Prepared: Infant Feeding Through Natural Disasters

Infant feeding in natural disasters plan

Have you thought about preparing for the unthinkable?

Many of us never think about what we would do if we suddenly had no running water to clean and sanitize our pump parts and feeding supplies. Or if we had no access to clean drinking water to help maintain a hydration level that supports healthy milk supply.

The added stress of a natural disaster can take its toll on our ability to produce milk. Have you ever thought about the many ways that being without power complicates something as seemingly simple as feeding our babies?

So, let’s talk a little about preparation, and about what you can do now to be more prepared for these emergency situations in the future.

A good rule of thumb is to have 3 days worth of supplies stored away. There are some great lists out there for general preparedness (check your state department for lists most applicable to your part of the country). However, there is a lack of cohesive information with regard to infant feeding, hence the reason for this article.

Here are our recommendations for various emergency scenarios, as they relate to effectively pumping, breastfeeding, or combination feeding:


Create an Emergency Breastfeeding/Pumping Kit

Don’t get caught completely off guard by an unforeseen emergency situation! Whether it’s a short loss of power due to a thunderstorm, or a days-long loss of water or electricity due to a larger natural disaster, these supplies can help get you through with minimal disruption to your feeding routine.

Supplies List:

Some Emergency Scenarios and how these products can be useful:

Loss of Electricity:

A manual pump like the Medela Harmony can be a lifesaver, and a fantastic accessory to have on hand.
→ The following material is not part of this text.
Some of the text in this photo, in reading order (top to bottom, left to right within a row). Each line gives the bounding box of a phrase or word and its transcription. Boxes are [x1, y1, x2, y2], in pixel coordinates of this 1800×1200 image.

Hand pumps are usually small, inexpensive, and portable, which makes them useful for travel as well as emergency scenarios from power outages to electric pump malfunctions! Some electric pumps have the ability to be converted to manual mode and used by hand, using a Breast Pump Switch Kit. Check your pump’s user manual to see if your pump can do this, then print out the instructions so that you have them handy if needed.
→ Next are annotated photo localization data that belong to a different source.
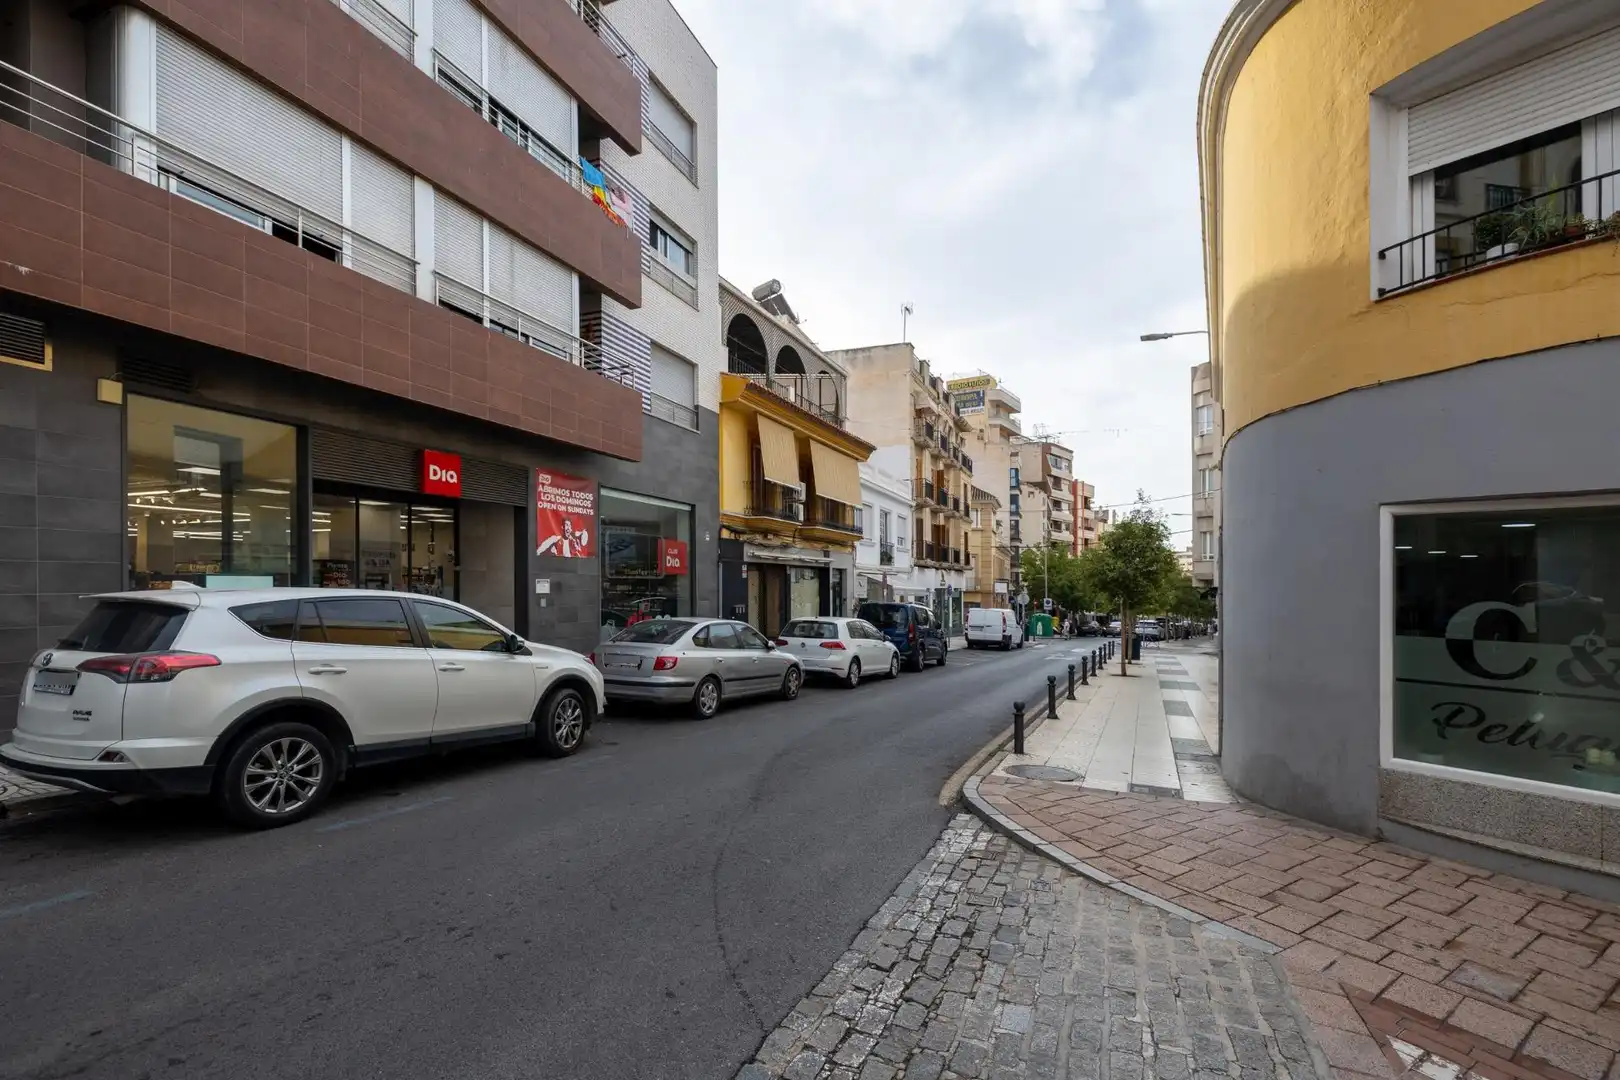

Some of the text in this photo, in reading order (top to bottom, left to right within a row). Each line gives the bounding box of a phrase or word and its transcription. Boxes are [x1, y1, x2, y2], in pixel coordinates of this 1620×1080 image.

[428, 464, 458, 484] Dia
[538, 485, 593, 500] ABRIMOS TODOS
[541, 493, 591, 507] LOS DOMINGOS
[538, 502, 556, 510] OPEN
[567, 506, 594, 516] SUNDAYS
[666, 556, 680, 567] Dia
[1445, 600, 1537, 681] C
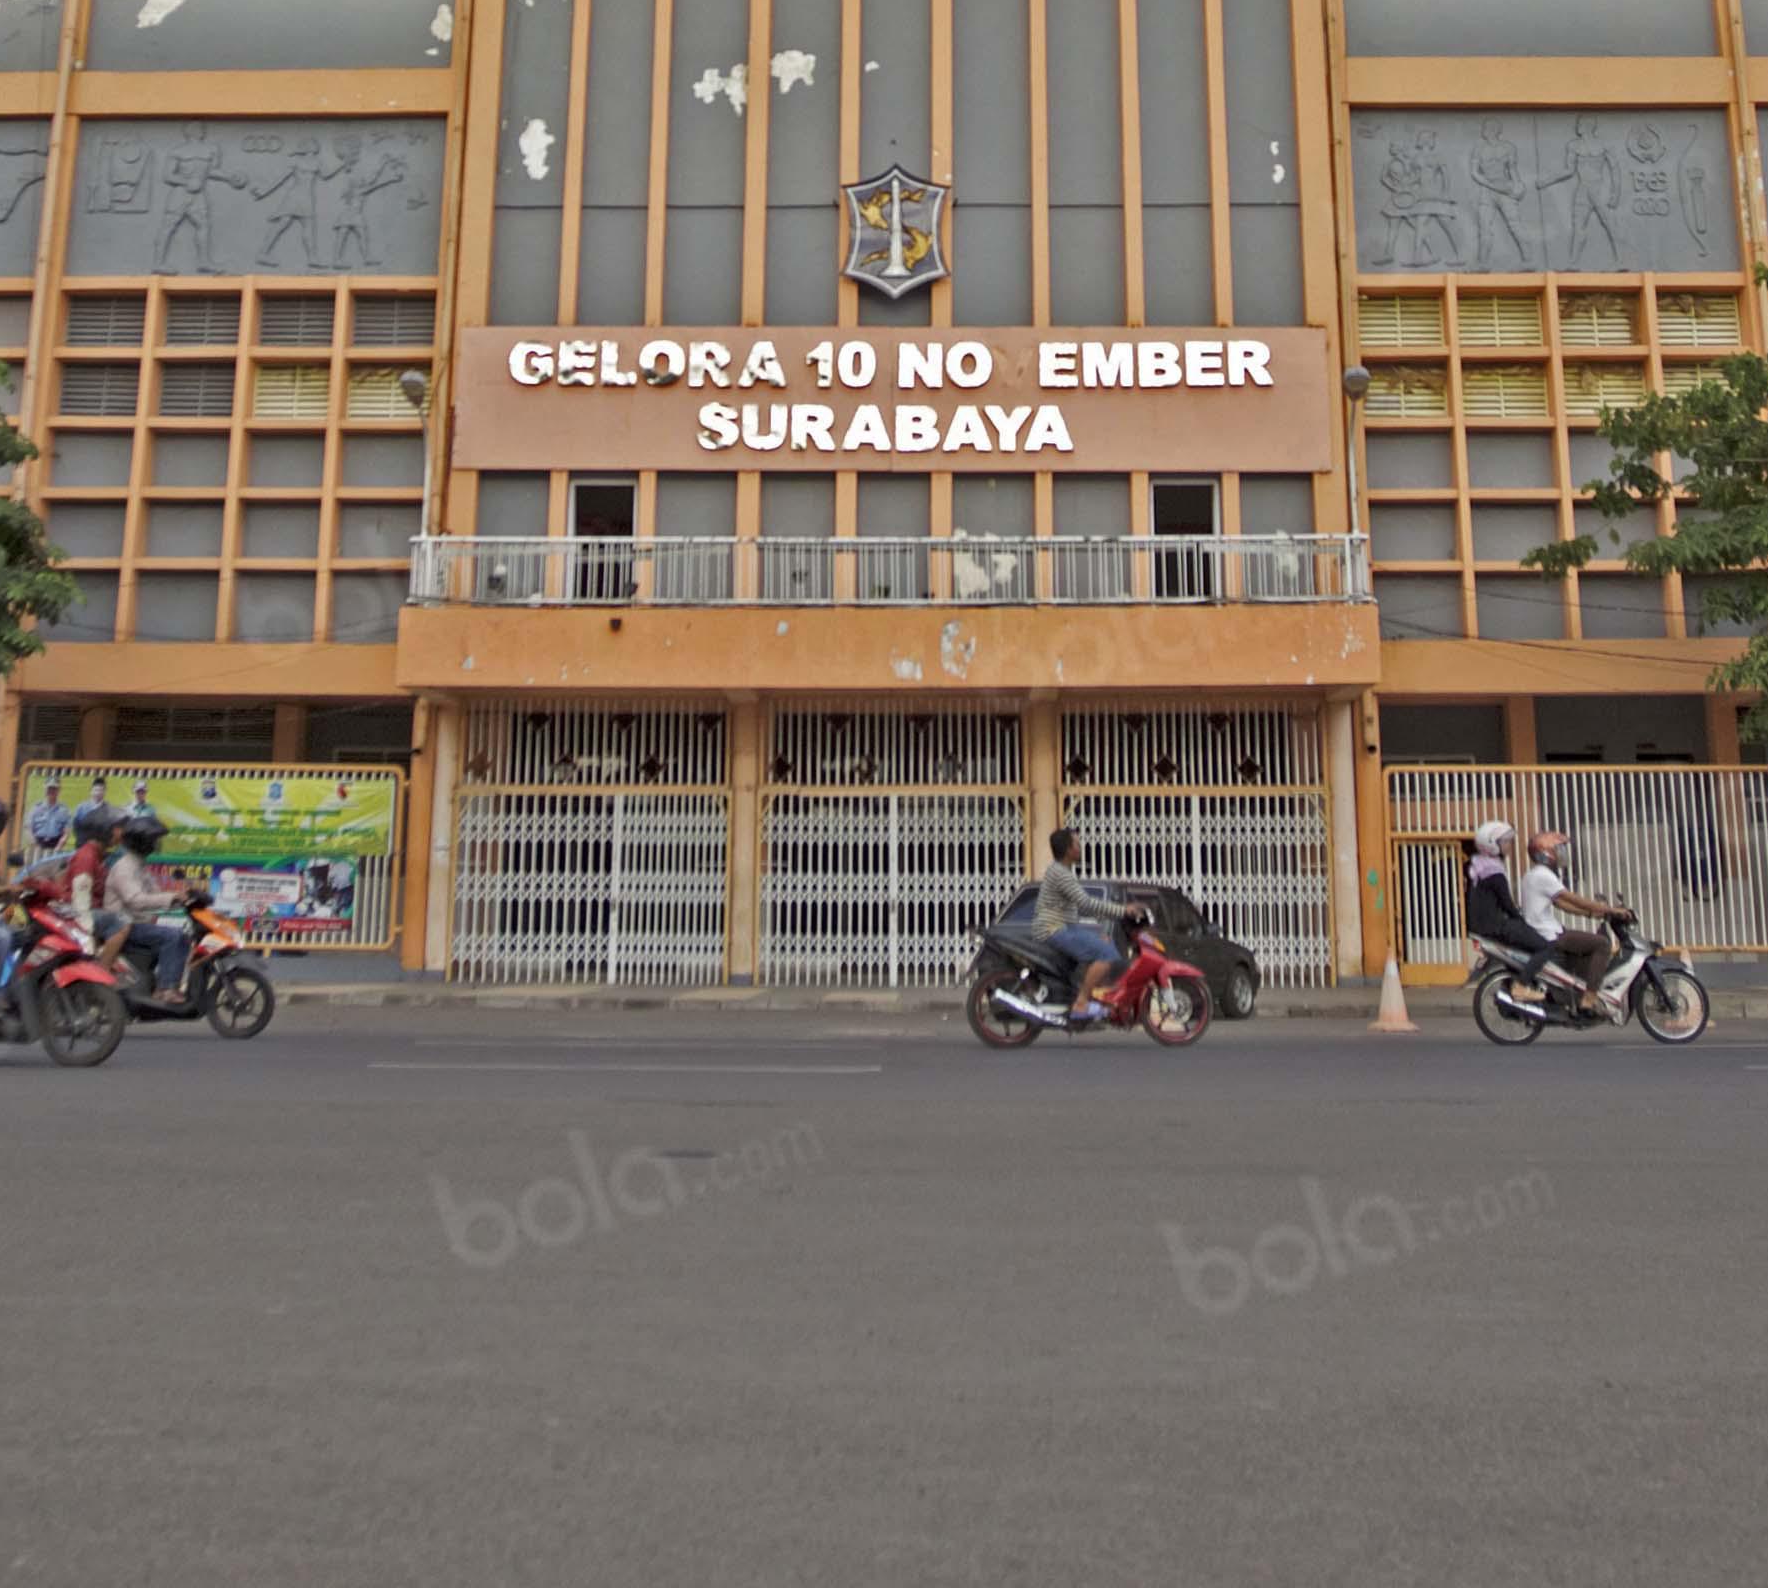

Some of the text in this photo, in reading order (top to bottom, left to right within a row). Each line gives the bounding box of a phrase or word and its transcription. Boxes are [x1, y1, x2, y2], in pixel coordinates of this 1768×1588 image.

[508, 338, 787, 389] GELORA
[805, 340, 878, 388] 10
[697, 401, 1075, 453] SURABAYA
Learning and practicing effective hand expression techniques can also bring a lot of peace of mind for periods of time when you may be unable to access your pump. [Learn about hand expression here.]

Learn about options for using alternative sources to power your pump. Does your pump manufacturer make a vehicle adapter that lets you use your pump with your vehicle’s power? Can your pump run on batteries when not plugged in? If neither of these options is available to you with your pump, consider a vehicle power inverter that converts your vehicle’s power source into an outlet to plug in and power your breast pump and other devices.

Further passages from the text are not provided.